Could all of the entries be written out exactly, with any pictures omitted?

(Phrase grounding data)
========

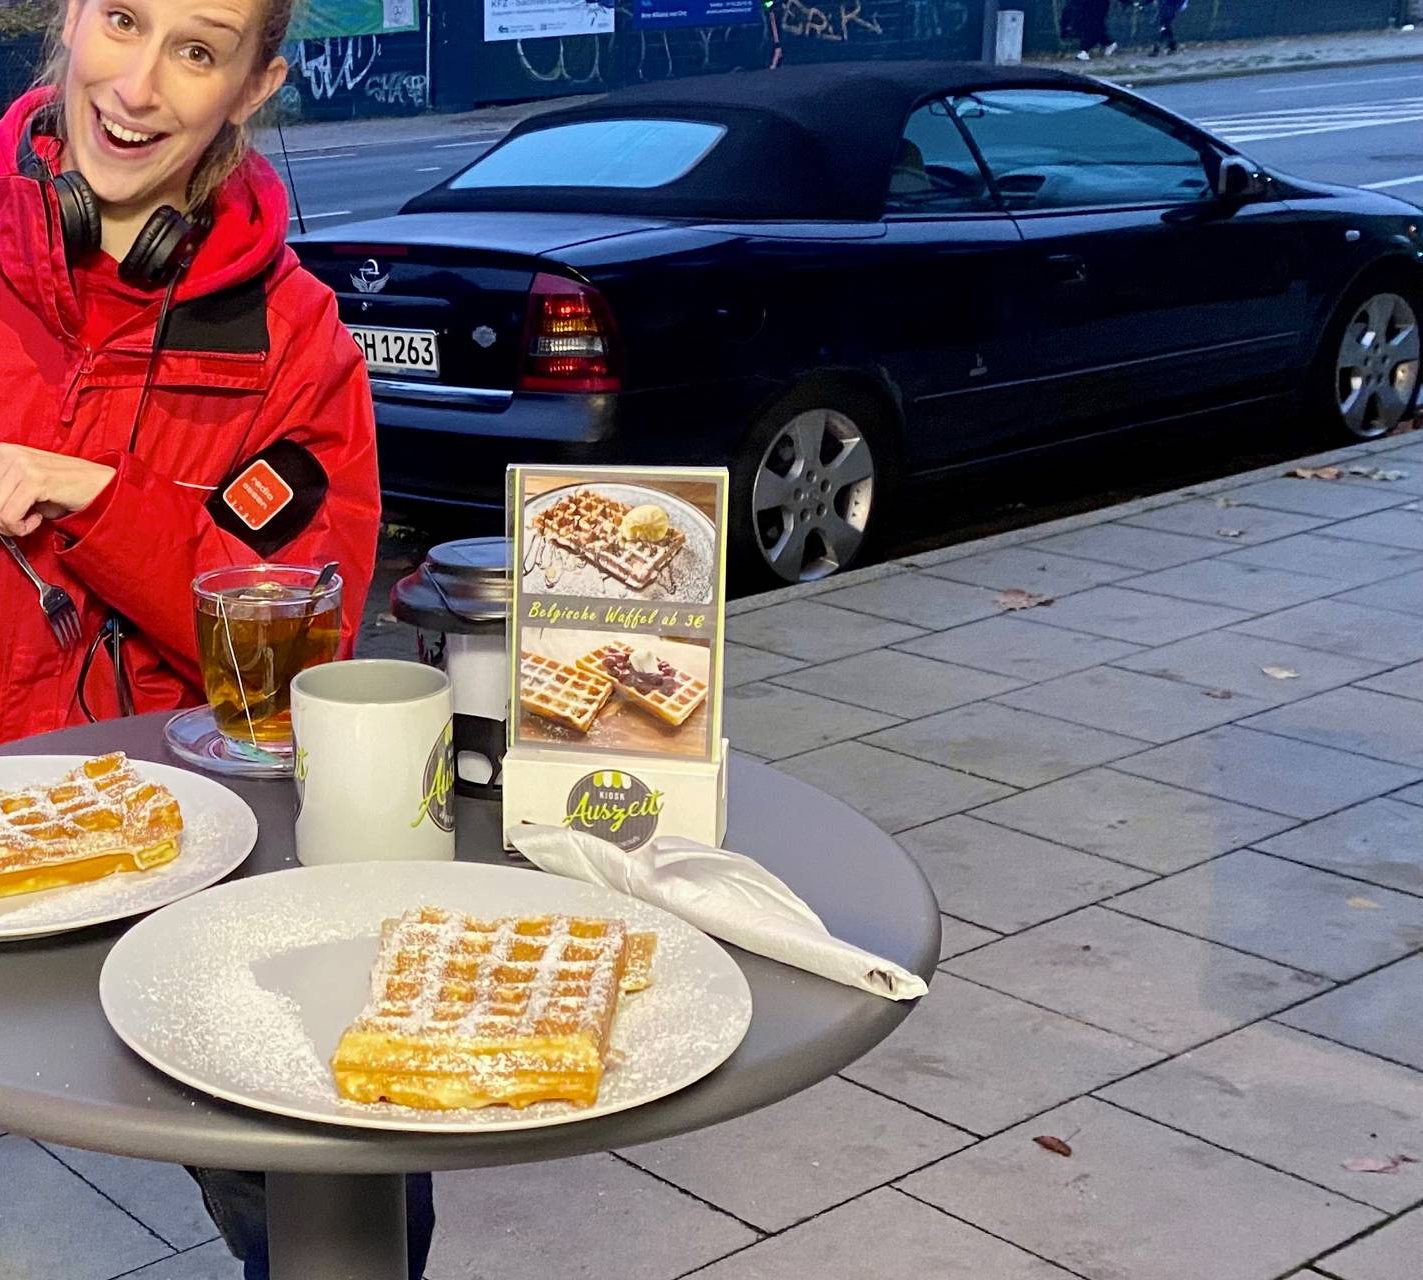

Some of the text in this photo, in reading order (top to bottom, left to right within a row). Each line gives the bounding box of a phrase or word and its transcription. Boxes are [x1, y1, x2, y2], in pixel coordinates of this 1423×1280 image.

[381, 335, 434, 366] 1263
[242, 482, 268, 510] essen
[251, 477, 274, 501] radio
[528, 601, 706, 629] Belgische Waffel ab 3€
[599, 791, 626, 800] KIOSK
[562, 789, 665, 833] Auszeit
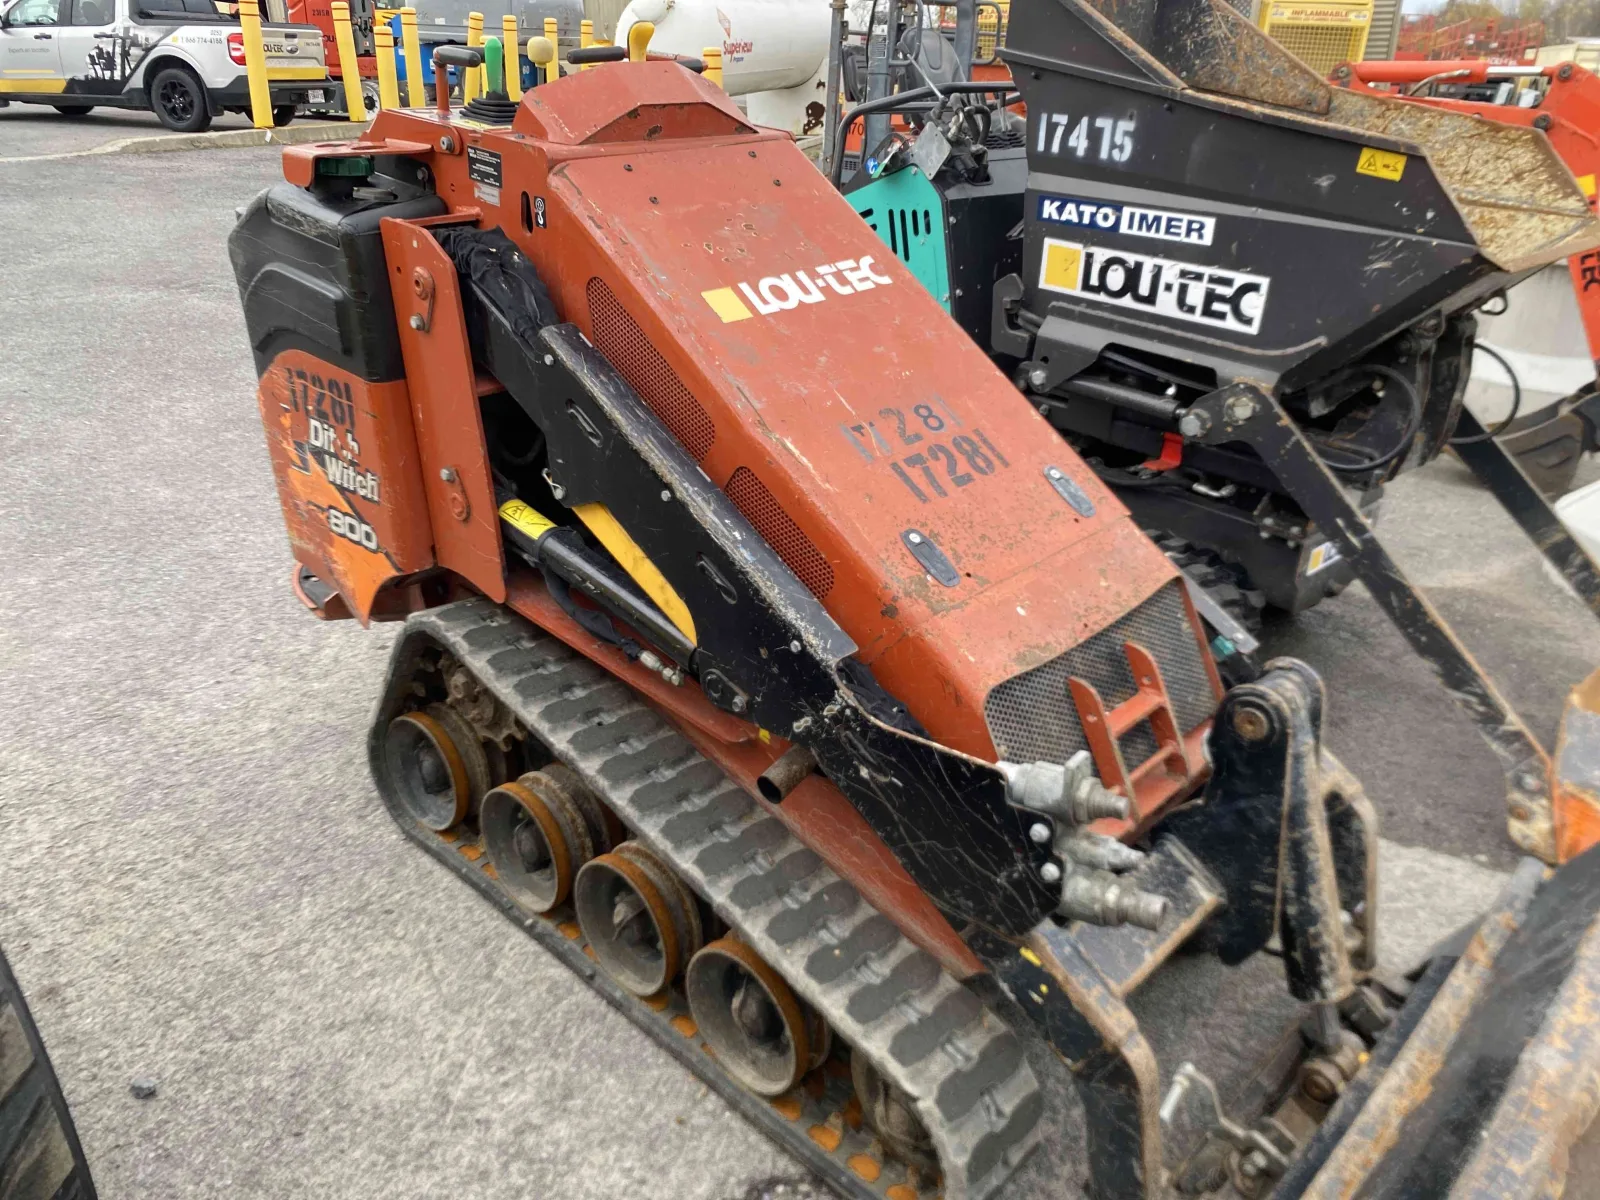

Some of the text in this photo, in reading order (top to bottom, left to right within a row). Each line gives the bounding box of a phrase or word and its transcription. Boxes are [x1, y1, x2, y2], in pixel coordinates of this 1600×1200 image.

[1291, 8, 1349, 17] INFLAMMABLE
[263, 44, 284, 53] OU-TEC
[1037, 112, 1136, 163] 17475
[1042, 198, 1207, 241] KATO IMER
[737, 254, 894, 316] LOU-TEC
[1080, 251, 1263, 328] LOU-TEC
[285, 367, 356, 430] 17281
[309, 418, 360, 461] Dith
[324, 454, 381, 502] Witch
[890, 428, 1010, 504] 17281
[328, 508, 379, 550] 800
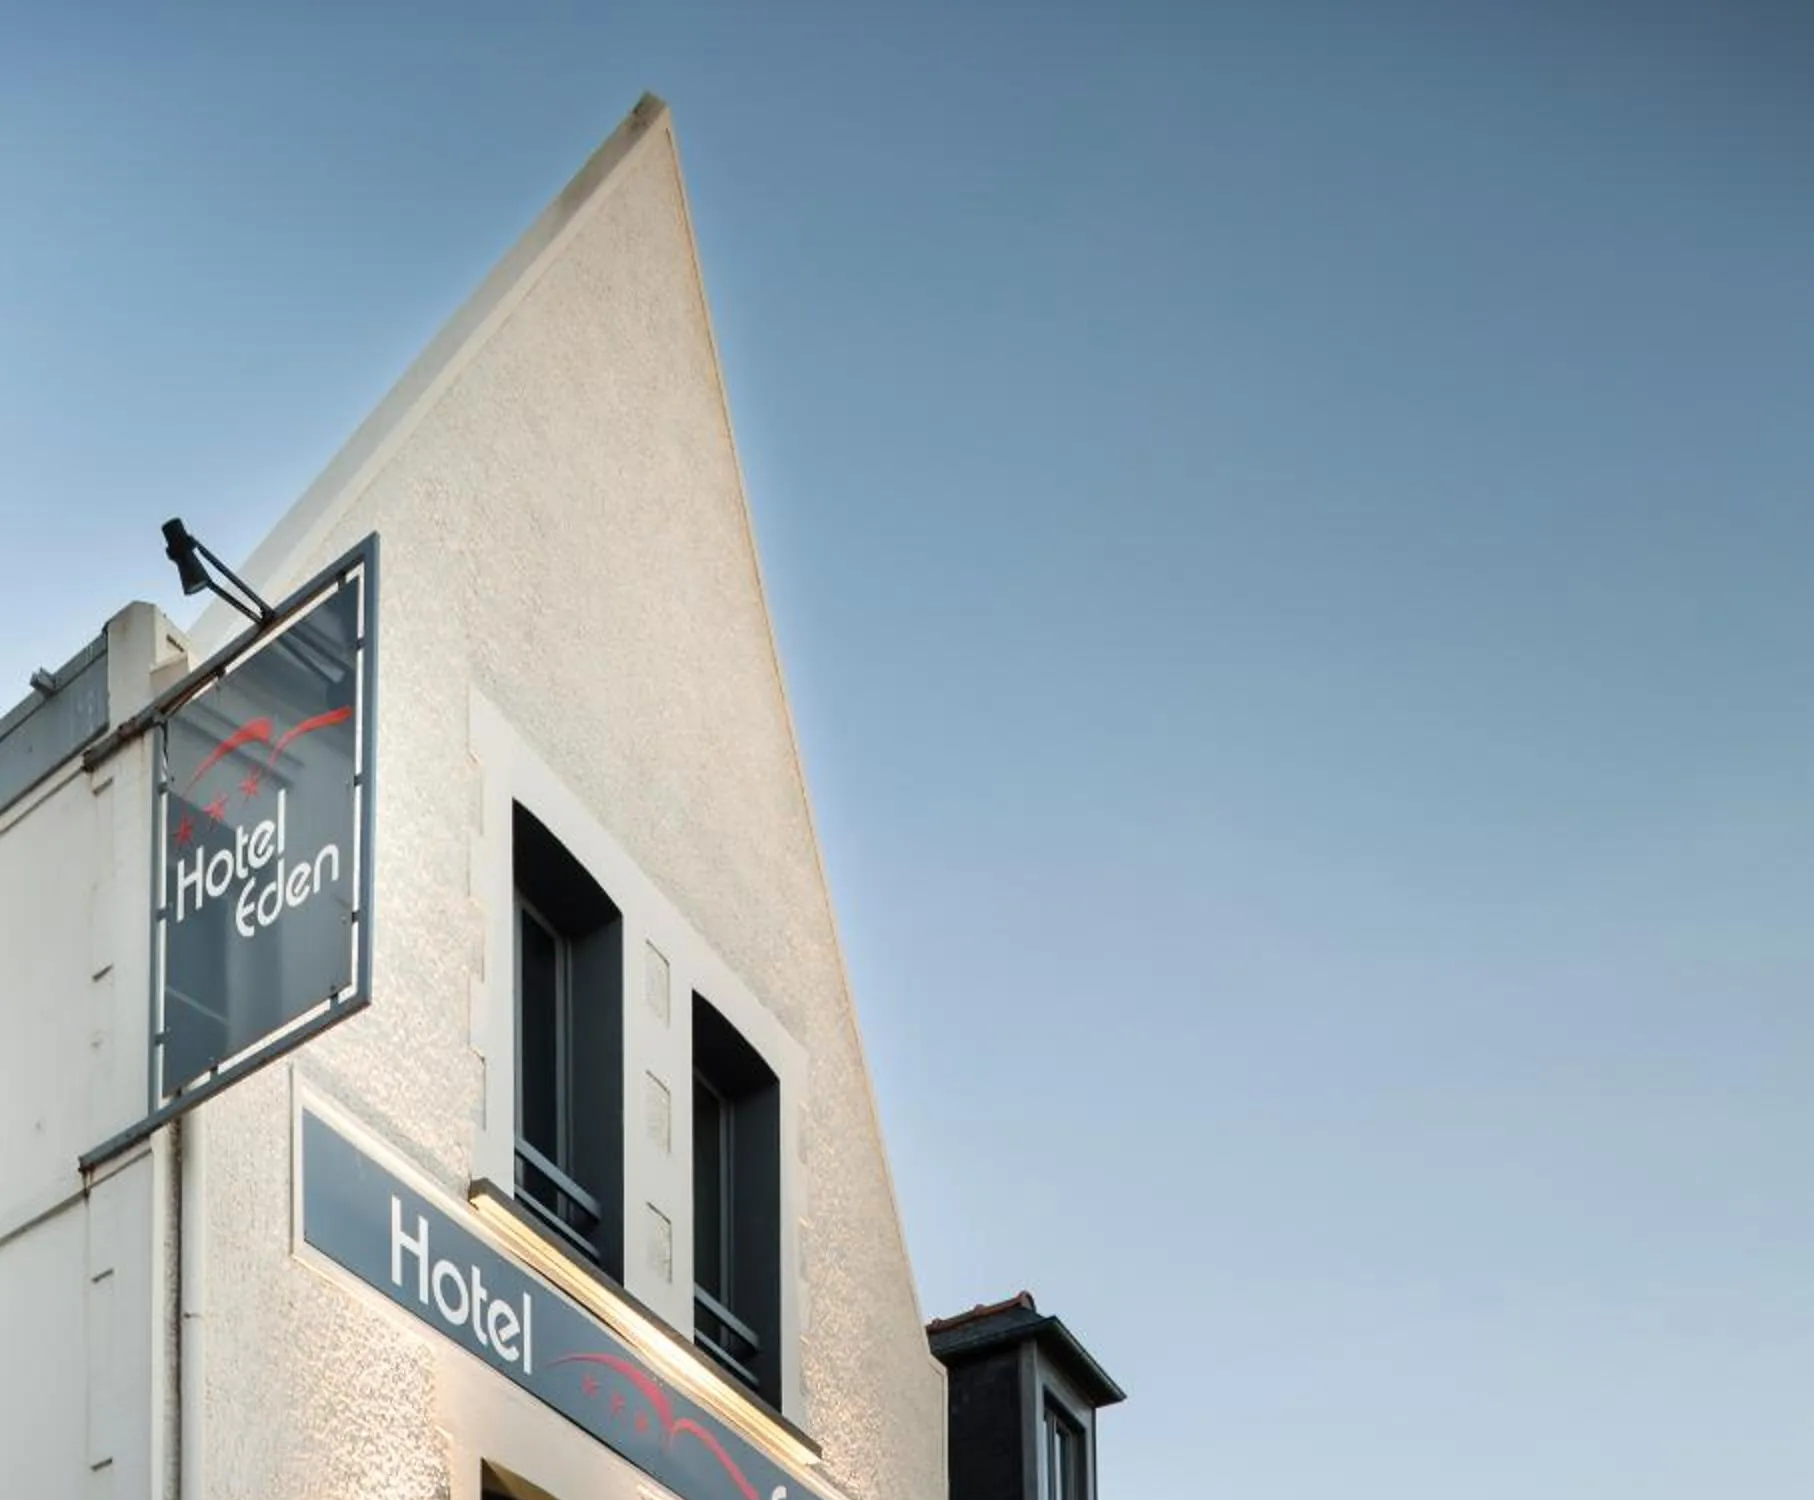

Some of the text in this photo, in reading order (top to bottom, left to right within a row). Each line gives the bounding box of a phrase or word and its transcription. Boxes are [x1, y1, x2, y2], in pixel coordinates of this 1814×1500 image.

[176, 789, 286, 922] Hotel
[236, 844, 339, 937] Eden
[391, 1194, 532, 1375] Hotel
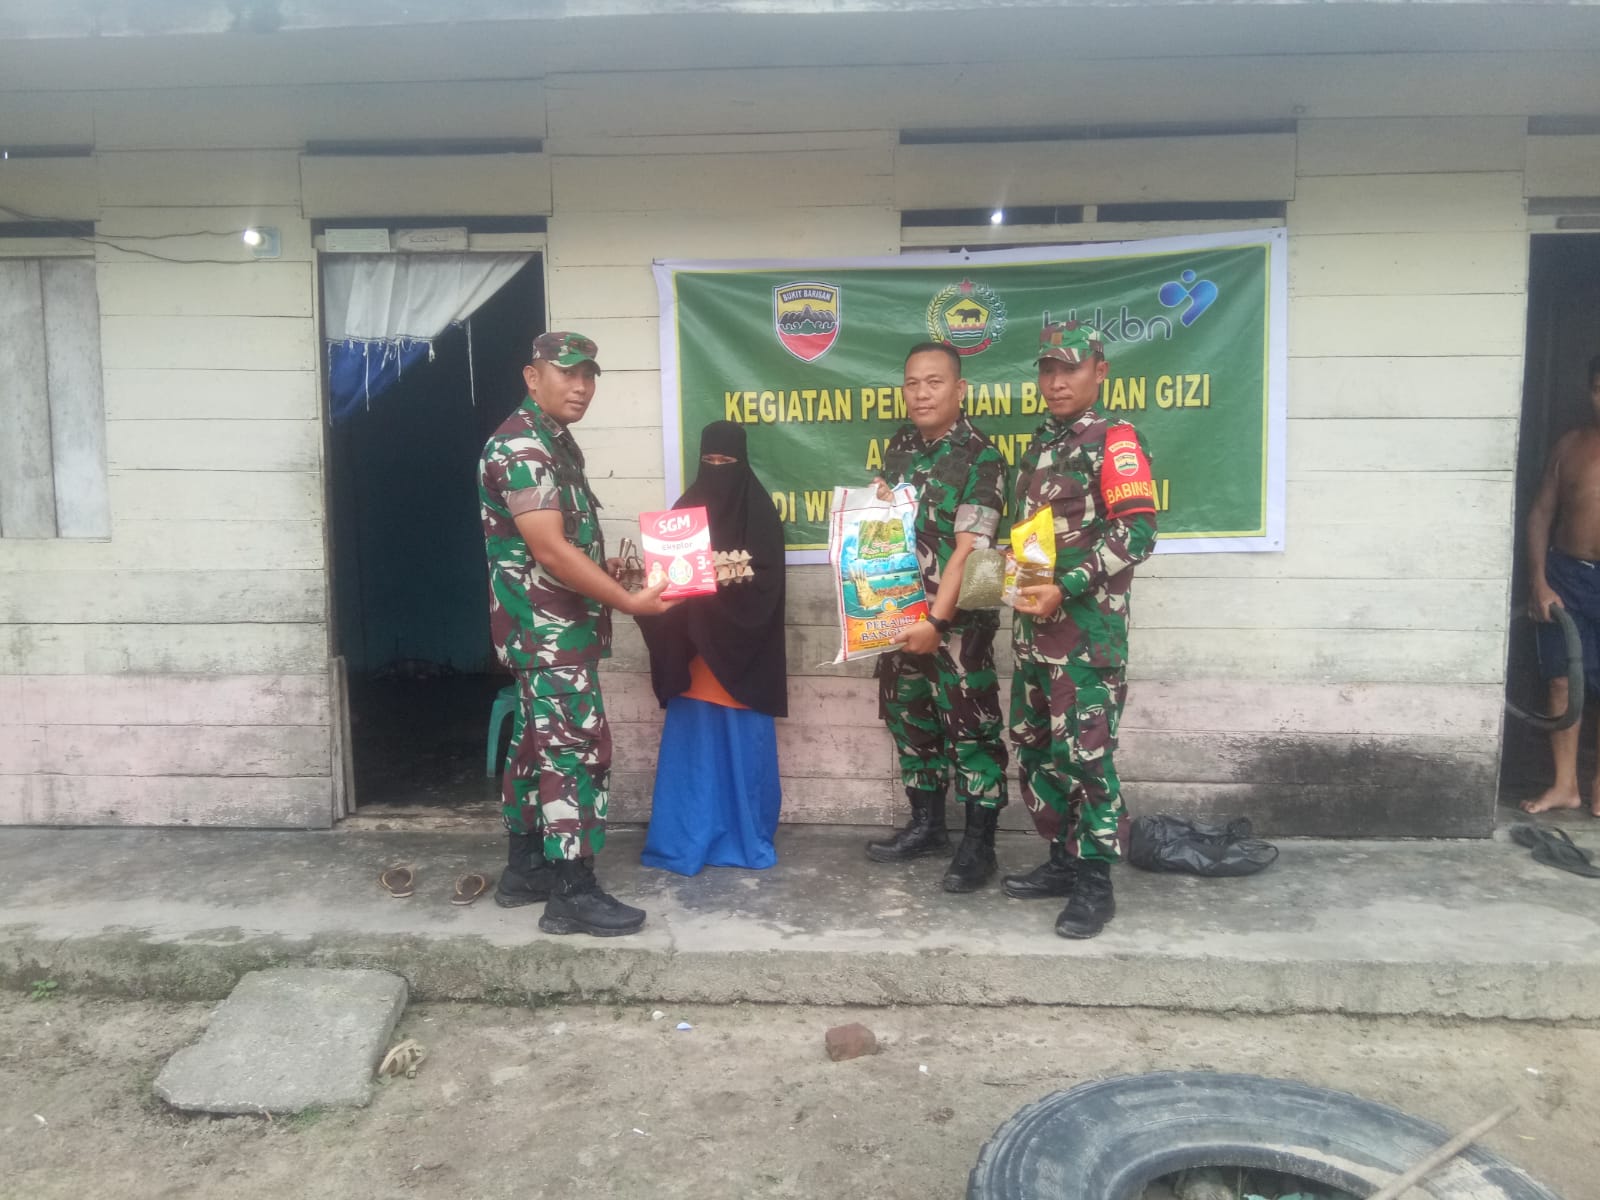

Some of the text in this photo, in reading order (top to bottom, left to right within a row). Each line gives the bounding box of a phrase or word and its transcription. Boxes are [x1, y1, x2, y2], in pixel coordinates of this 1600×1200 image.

========

__ANSWER BOX__.
Some of the text in this photo, in reading order (top to bottom, left to right within a row). Each line gives the bounding box of a phrase or word and its transcription. Boxes are [x1, y1, x2, y2], in pixel coordinates of this 1423×1280 image.

[381, 335, 434, 366] 1263
[242, 482, 268, 510] essen
[251, 477, 274, 501] radio
[528, 601, 706, 629] Belgische Waffel ab 3€
[599, 791, 626, 800] KIOSK
[562, 789, 665, 833] Auszeit

Some of the text in this photo, in reading order (top to bottom, left to right within a row). Each line gives the bounding box of a phrase or word and its transcription. Boxes are [x1, y1, x2, y2], in pixel coordinates of this 1600×1200 image.

[1291, 8, 1349, 17] INFLAMMABLE
[263, 44, 284, 53] OU-TEC
[1037, 112, 1136, 163] 17475
[1042, 198, 1207, 241] KATO IMER
[737, 254, 894, 316] LOU-TEC
[1080, 251, 1263, 328] LOU-TEC
[285, 367, 356, 430] 17281
[309, 418, 360, 461] Dith
[324, 454, 381, 502] Witch
[890, 428, 1010, 504] 17281
[328, 508, 379, 550] 800

Some of the text in this photo, in reading order (top to bottom, left to right within a row). Each line gives the bounding box of a phrase or word and its transcription. Boxes are [x1, y1, x2, y2], in pixel coordinates of this 1814×1500 image.

[176, 789, 286, 922] Hotel
[236, 844, 339, 937] Eden
[391, 1194, 532, 1375] Hotel

Some of the text in this photo, in reading order (top to bottom, left to right within a row). Each line gives the bounding box of a phrase or word and its transcription. Boxes are [x1, y1, x2, y2], in pixel coordinates of this 1600×1200 image.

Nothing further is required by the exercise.